#### [THE DATA]
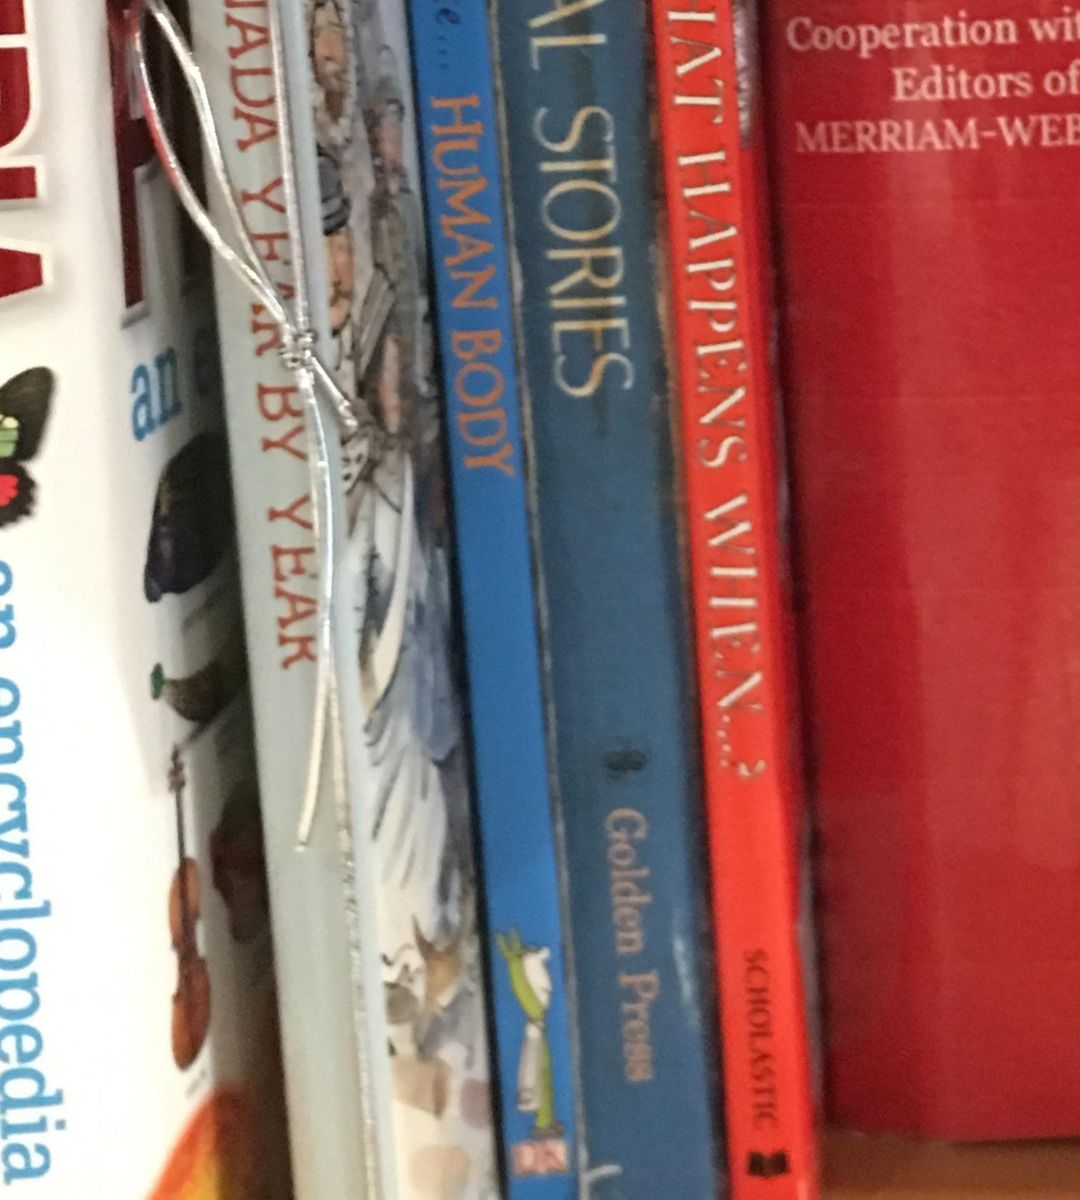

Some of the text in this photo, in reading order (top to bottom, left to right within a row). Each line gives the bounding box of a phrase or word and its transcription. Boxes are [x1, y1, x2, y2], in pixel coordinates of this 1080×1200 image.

[787, 13, 1019, 59] Cooperation
[892, 65, 1034, 102] Editors
[430, 95, 500, 310] HUMAN
[534, 107, 634, 399] STORIES
[676, 151, 750, 470] HAPPENS
[256, 383, 309, 462] BY
[451, 331, 515, 476] BODY
[267, 493, 320, 670] YEAR
[605, 808, 654, 956] Golden
[743, 949, 780, 1131] SCHOLASTIC
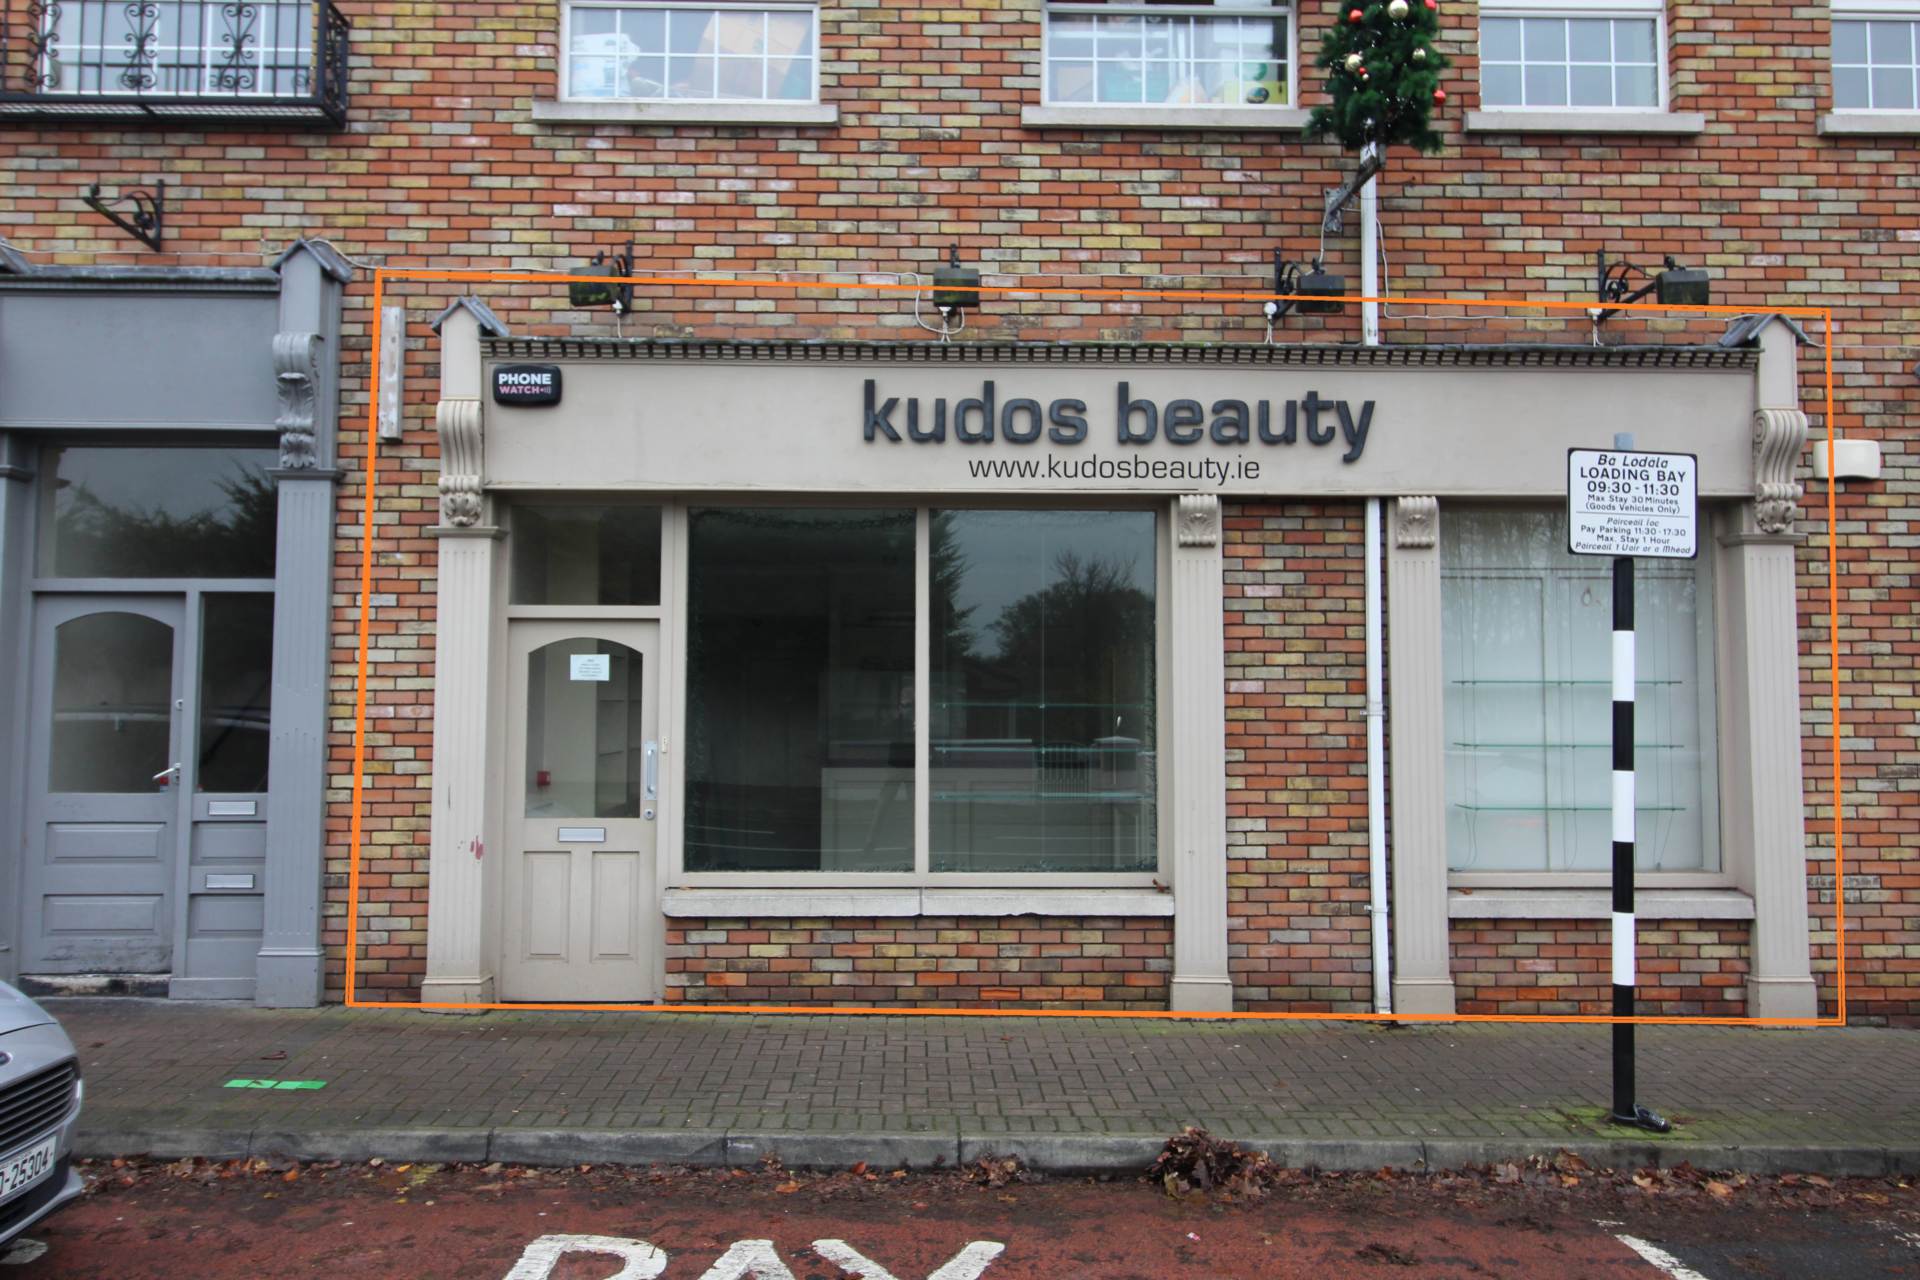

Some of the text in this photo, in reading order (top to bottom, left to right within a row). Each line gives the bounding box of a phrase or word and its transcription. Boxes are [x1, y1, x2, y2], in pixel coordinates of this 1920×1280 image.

[498, 373, 552, 385] PHONE
[499, 386, 540, 394] WATCH
[864, 379, 1376, 464] kudos beauty
[968, 453, 1261, 486] www.kudosbeauty.ie
[1580, 466, 1686, 483] LOADING BAY
[1587, 480, 1632, 494] 09:30
[1643, 483, 1680, 496] 11:30
[1587, 494, 1679, 505] Max Stay 30 Minutes
[1585, 502, 1681, 514] (Goods Vehicles Only)
[1580, 525, 1596, 534] Pay
[1599, 526, 1631, 535] Parking
[1634, 527, 1657, 535] 11:30
[1663, 528, 1686, 536] 17:30
[1620, 535, 1639, 544] Stay

#### [AIM OF THE EXERCISE]
Leaving the images behind, set down every entry word for word.

#### [SOLUTION TO THIS TASK]
Some of the text in this photo, in reading order (top to bottom, left to right within a row). Each line gives the bounding box of a phrase or word and its transcription. Boxes are [x1, y1, x2, y2], in pixel coordinates of this 1080×1200 image.

[787, 13, 1019, 59] Cooperation
[892, 65, 1034, 102] Editors
[430, 95, 500, 310] HUMAN
[534, 107, 634, 399] STORIES
[676, 151, 750, 470] HAPPENS
[256, 383, 309, 462] BY
[451, 331, 515, 476] BODY
[267, 493, 320, 670] YEAR
[605, 808, 654, 956] Golden
[743, 949, 780, 1131] SCHOLASTIC

Some of the text in this photo, in reading order (top to bottom, left to right within a row). Each line gives the bounding box of a phrase or word and its transcription. Boxes are [x1, y1, x2, y2], in pixel coordinates of this 1920×1280 image.

[498, 373, 552, 385] PHONE
[499, 386, 540, 394] WATCH
[864, 379, 1376, 464] kudos beauty
[968, 453, 1261, 486] www.kudosbeauty.ie
[1580, 466, 1686, 483] LOADING BAY
[1587, 480, 1632, 494] 09:30
[1643, 483, 1680, 496] 11:30
[1587, 494, 1679, 505] Max Stay 30 Minutes
[1585, 502, 1681, 514] (Goods Vehicles Only)
[1580, 525, 1596, 534] Pay
[1599, 526, 1631, 535] Parking
[1634, 527, 1657, 535] 11:30
[1663, 528, 1686, 536] 17:30
[1620, 535, 1639, 544] Stay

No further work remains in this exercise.